### To do
Repeat the data that follows, word for word, without the images.

[Saved data entries]
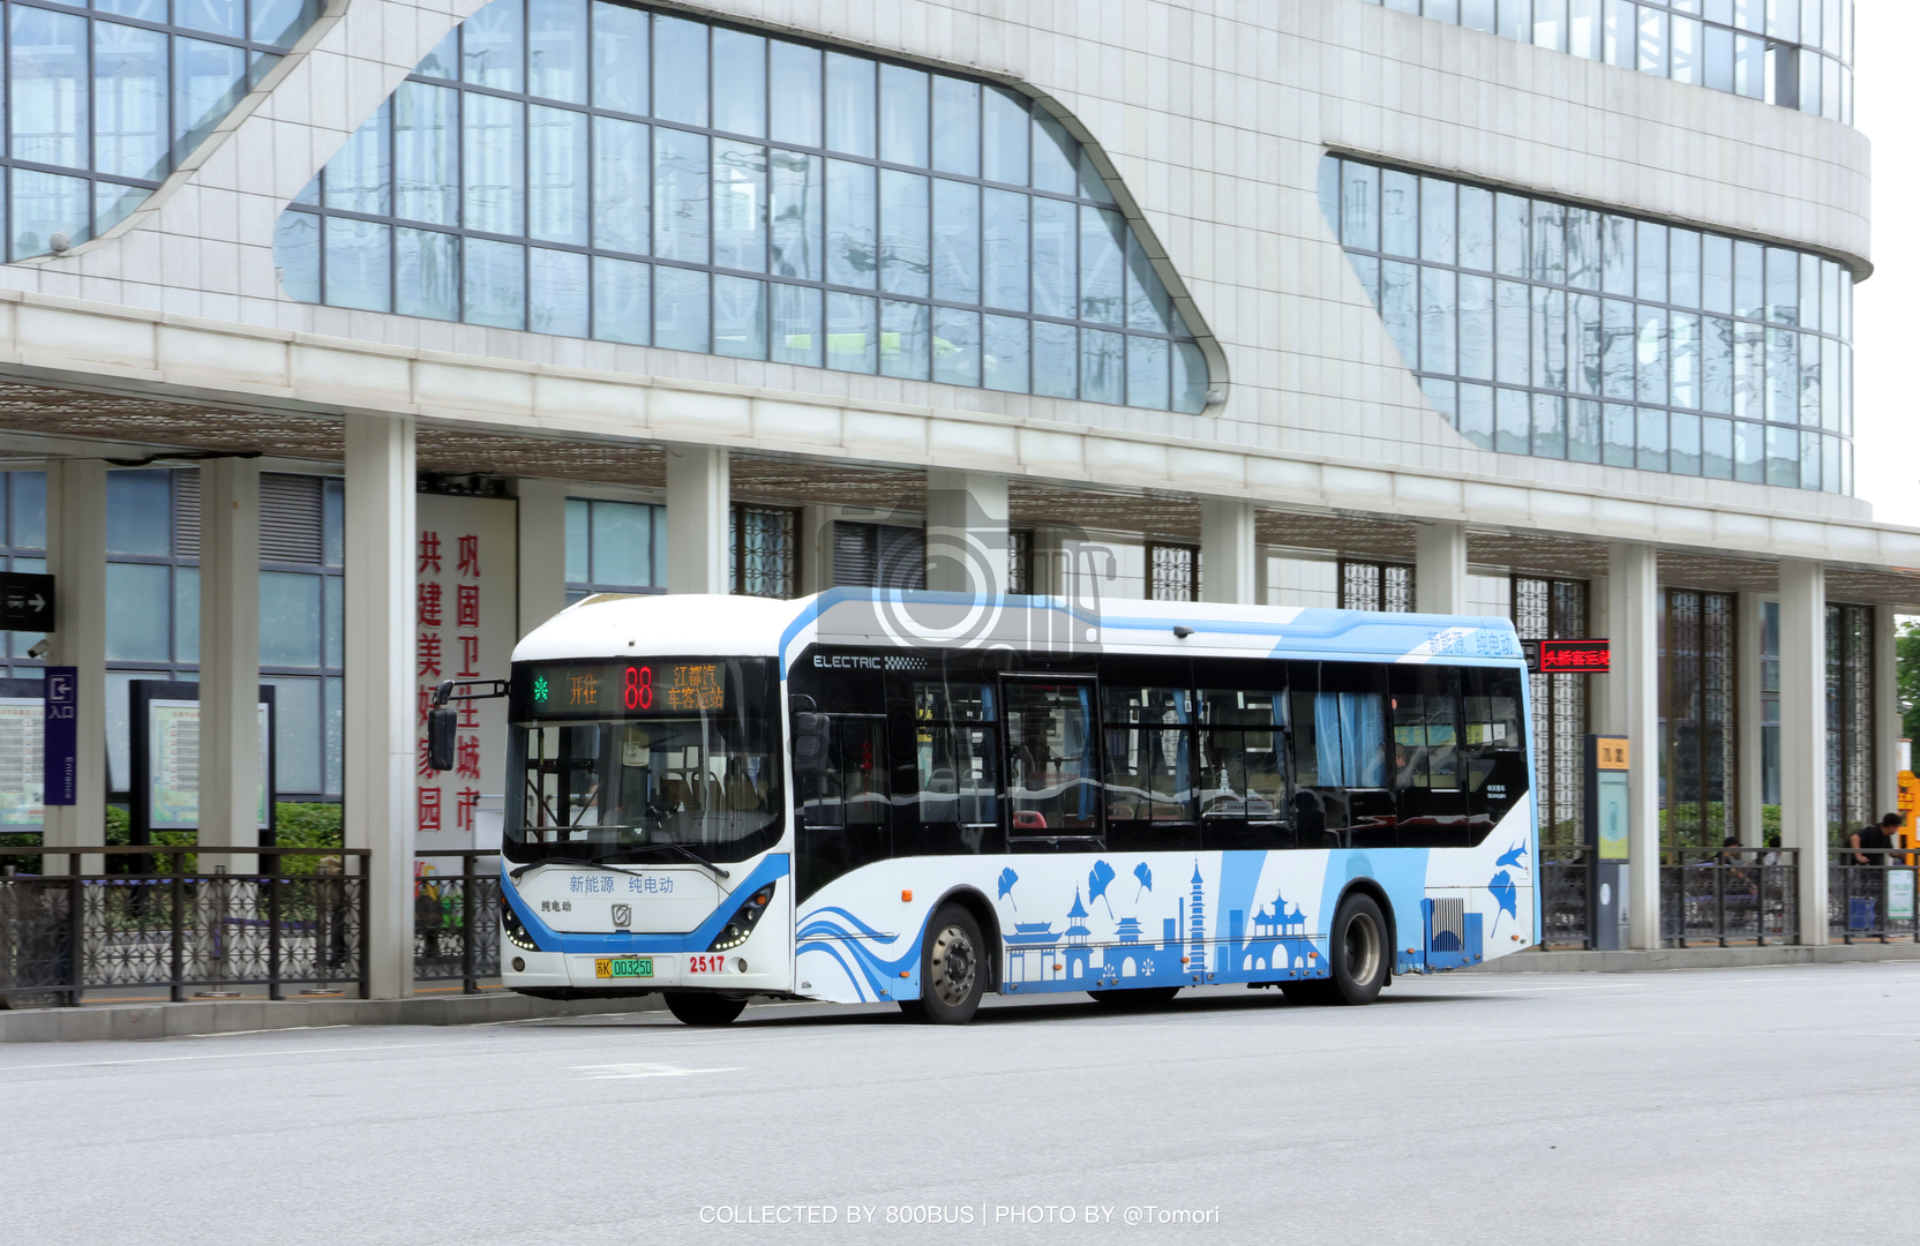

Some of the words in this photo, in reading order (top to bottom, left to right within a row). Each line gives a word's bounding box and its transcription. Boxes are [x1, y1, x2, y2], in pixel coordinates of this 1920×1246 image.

[813, 655, 882, 669] ELECTRIC
[456, 532, 481, 832] 巩固卫生城市
[673, 664, 717, 688] 江都汽
[624, 666, 653, 710] 88
[667, 686, 724, 711] 车客运站
[48, 705, 75, 719] 入口
[569, 875, 615, 894] 新能源
[628, 876, 674, 894] 纯电动
[541, 900, 571, 913] 纯电动
[690, 956, 725, 973] 2517

### Answer below
Some of the words in this photo, in reading order (top to bottom, left to right within a row). Each line gives a word's bounding box and its transcription. Boxes are [x1, y1, x2, y2], in pixel coordinates of this 1920×1246 image.

[813, 655, 882, 669] ELECTRIC
[456, 532, 481, 832] 巩固卫生城市
[673, 664, 717, 688] 江都汽
[624, 666, 653, 710] 88
[667, 686, 724, 711] 车客运站
[48, 705, 75, 719] 入口
[569, 875, 615, 894] 新能源
[628, 876, 674, 894] 纯电动
[541, 900, 571, 913] 纯电动
[690, 956, 725, 973] 2517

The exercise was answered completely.